The graph shows the effects of a change in Petunia’s wage. Petunia starts at choice A (30, $600), the tangency between her original budget constraint and the lower indifference curve Ul. The wage increase shifts her budget constraint to the right, so that she can now choose B (40, $800) on indifference curve Uh. The substitution effect is the movement from A to C which is approximately point (21, $750). In this case, the substitution effect would lead Petunia to choose less leisure, which is relatively more expensive, and more income, which is relatively cheaper to earn. The income effect is the movement from C to B.

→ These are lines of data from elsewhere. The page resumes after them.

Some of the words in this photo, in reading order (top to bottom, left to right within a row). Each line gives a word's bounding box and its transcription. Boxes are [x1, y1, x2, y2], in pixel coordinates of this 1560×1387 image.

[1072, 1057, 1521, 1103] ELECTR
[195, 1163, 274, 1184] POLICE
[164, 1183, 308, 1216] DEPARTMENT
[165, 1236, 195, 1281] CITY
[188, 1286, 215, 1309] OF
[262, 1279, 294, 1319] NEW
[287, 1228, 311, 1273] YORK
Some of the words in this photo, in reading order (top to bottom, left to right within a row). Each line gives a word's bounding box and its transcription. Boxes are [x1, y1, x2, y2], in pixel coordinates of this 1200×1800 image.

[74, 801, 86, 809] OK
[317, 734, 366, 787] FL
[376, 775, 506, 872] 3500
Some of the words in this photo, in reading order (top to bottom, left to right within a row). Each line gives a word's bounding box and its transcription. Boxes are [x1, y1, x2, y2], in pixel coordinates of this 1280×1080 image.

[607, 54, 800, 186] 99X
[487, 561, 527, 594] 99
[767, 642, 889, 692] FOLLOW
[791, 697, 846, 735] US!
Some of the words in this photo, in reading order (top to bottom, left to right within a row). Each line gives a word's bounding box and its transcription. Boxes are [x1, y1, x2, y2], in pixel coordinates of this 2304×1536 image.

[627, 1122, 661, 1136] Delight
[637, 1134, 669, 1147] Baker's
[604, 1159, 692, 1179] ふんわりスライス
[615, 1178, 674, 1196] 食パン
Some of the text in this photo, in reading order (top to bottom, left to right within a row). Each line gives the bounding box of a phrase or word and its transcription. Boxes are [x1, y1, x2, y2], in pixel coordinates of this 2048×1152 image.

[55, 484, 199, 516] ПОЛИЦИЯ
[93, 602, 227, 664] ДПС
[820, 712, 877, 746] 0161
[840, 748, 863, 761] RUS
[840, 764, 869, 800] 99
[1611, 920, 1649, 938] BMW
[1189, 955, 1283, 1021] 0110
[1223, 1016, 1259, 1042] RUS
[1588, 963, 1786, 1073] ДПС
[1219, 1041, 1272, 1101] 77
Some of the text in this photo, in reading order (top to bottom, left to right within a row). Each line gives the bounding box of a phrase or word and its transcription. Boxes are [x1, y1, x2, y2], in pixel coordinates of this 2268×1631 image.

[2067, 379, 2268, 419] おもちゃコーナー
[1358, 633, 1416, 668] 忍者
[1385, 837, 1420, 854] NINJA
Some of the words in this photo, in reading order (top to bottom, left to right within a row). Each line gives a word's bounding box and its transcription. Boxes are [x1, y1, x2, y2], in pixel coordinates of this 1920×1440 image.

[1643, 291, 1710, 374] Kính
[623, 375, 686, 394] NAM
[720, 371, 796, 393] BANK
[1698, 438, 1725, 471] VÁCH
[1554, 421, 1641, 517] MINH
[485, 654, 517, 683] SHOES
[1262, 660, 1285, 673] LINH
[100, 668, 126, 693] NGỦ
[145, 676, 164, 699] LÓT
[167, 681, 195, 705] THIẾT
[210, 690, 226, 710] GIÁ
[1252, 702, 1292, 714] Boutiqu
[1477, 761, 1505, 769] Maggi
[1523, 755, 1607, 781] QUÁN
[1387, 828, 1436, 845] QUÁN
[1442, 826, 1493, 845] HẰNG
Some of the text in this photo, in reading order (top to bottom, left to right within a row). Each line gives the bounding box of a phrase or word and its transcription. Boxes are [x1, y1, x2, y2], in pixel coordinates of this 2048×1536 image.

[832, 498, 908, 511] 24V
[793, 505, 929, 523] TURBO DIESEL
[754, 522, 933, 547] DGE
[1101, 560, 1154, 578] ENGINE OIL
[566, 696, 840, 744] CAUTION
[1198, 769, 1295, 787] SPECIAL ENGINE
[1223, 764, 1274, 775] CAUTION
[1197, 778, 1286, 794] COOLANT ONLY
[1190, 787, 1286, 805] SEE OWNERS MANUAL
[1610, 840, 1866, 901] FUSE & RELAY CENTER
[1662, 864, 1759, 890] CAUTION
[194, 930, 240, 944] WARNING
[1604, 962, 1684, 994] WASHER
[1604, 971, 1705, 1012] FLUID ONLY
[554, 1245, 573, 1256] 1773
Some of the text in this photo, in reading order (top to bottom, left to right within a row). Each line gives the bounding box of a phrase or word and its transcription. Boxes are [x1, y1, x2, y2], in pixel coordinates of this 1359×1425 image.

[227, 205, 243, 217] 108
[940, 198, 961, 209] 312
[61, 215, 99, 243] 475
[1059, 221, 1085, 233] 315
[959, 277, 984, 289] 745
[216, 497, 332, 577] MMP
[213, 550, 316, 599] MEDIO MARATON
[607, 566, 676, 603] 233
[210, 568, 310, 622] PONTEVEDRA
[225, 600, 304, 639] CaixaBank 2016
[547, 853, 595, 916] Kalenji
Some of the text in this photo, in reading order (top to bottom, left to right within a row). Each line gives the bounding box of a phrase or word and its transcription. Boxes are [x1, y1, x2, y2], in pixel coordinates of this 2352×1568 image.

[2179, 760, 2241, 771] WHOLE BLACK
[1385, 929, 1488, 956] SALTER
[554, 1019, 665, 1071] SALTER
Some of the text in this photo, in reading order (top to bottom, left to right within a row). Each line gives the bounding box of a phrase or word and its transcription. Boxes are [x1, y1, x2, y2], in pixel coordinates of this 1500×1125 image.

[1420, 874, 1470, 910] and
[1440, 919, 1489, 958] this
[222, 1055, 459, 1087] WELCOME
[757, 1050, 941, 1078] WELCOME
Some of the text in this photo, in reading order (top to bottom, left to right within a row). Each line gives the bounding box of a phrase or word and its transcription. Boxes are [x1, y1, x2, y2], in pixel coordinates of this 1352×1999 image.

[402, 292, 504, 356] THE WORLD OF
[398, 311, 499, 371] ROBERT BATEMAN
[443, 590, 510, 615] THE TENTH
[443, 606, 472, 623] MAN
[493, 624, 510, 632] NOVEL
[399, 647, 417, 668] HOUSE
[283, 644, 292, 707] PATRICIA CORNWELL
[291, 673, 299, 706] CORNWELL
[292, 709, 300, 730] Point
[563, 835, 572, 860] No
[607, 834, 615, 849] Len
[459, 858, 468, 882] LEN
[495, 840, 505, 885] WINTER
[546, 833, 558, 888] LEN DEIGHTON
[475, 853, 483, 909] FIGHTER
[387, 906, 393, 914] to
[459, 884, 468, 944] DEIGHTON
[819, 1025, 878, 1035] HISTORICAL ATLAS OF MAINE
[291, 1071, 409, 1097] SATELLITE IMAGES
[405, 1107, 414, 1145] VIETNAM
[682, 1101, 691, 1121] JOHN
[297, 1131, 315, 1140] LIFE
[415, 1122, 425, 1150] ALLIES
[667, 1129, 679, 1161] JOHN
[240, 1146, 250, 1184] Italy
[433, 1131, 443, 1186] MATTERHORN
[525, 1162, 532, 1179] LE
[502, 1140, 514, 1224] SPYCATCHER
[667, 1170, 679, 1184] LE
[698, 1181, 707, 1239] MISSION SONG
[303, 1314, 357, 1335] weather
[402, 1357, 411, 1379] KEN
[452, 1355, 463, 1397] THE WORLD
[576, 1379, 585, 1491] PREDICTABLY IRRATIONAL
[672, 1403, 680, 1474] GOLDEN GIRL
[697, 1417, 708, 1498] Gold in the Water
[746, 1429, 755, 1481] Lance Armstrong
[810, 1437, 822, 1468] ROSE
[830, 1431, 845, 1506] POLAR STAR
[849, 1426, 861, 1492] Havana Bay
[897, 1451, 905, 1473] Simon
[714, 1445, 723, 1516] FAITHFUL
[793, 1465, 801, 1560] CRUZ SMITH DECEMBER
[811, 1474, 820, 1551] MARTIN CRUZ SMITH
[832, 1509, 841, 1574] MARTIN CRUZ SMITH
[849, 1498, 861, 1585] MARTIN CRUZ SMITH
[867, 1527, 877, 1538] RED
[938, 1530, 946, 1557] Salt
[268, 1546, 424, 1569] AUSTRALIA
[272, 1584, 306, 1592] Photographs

Petunia starts at choice A, the tangency between her original budget constraint and the lower indifference curve Ul. The wage increase shifts her budget constraint to the right, so that she can now choose B on indifference curve Uh. The substitution effect is the movement from A to C. In this case, the substitution effect would lead Petunia to choose less leisure, which is relatively more expensive, and more income, which is relatively cheaper to earn. The income effect is the movement from C to B. The income effect in this example leads to greater consumption of both goods. Overall, in this example, income rises because of both substitution and income effects. However, leisure declines because of the substitution effect but increases because of the income effect—leading, in Petunia’s case, to an overall increase in the quantity of leisure consumed.

Questions & Answers

Ayele, K., 2003. Introductory Economics, 3rd ed., Addis Ababa.
Widad Reply
can you send the book attached ?
Ariel
?
Ariel
What is economics
Widad Reply
the study of how humans make choices under conditions of scarcity
AI-Robot
U(x,y) = (x×y)1/2 find mu of x for y
Desalegn Reply
U(x,y) = (x×y)1/2 find mu of x for y
Desalegn
what is ecnomics
Jan Reply
this is the study of how the society manages it's scarce resources
Belonwu
what is macroeconomic
John Reply
macroeconomic is the branch of economics which studies actions, scale, activities and behaviour of the aggregate economy as a whole.
husaini
etc
husaini
difference between firm and industry
husaini Reply
what's the difference between a firm and an industry
Abdul
firm is the unit which transform inputs to output where as industry contain combination of firms with similar production 😅😅
Abdulraufu
Suppose the demand function that a firm faces shifted from Qd  120 3P to Qd  90  3P and the supply function has shifted from QS  20  2P to QS 10  2P . a) Find the effect of this change on price and quantity. b) Which of the changes in demand and supply is higher?
Toofiq Reply
explain standard reason why economic is a science
innocent Reply
factors influencing supply
Petrus Reply
what is economic.
Milan Reply
scares means__________________ends resources. unlimited
Jan
economics is a science that studies human behaviour as a relationship b/w ends and scares means which have alternative uses
Jan
calculate the profit maximizing for demand and supply
Zarshad Reply
Why qualify 28 supplies
Milan
what are explicit costs
Nomsa Reply
out-of-pocket costs for a firm, for example, payments for wages and salaries, rent, or materials
AI-Robot
concepts of supply in microeconomics
David Reply
economic overview notes
Amahle Reply
identify a demand and a supply curve
Salome Reply
i don't know
Parul
there's a difference
Aryan
Demand curve shows that how supply and others conditions affect on demand of a particular thing and what percent demand increase whith increase of supply of goods
Israr
Hi Sir please how do u calculate Cross elastic demand and income elastic demand?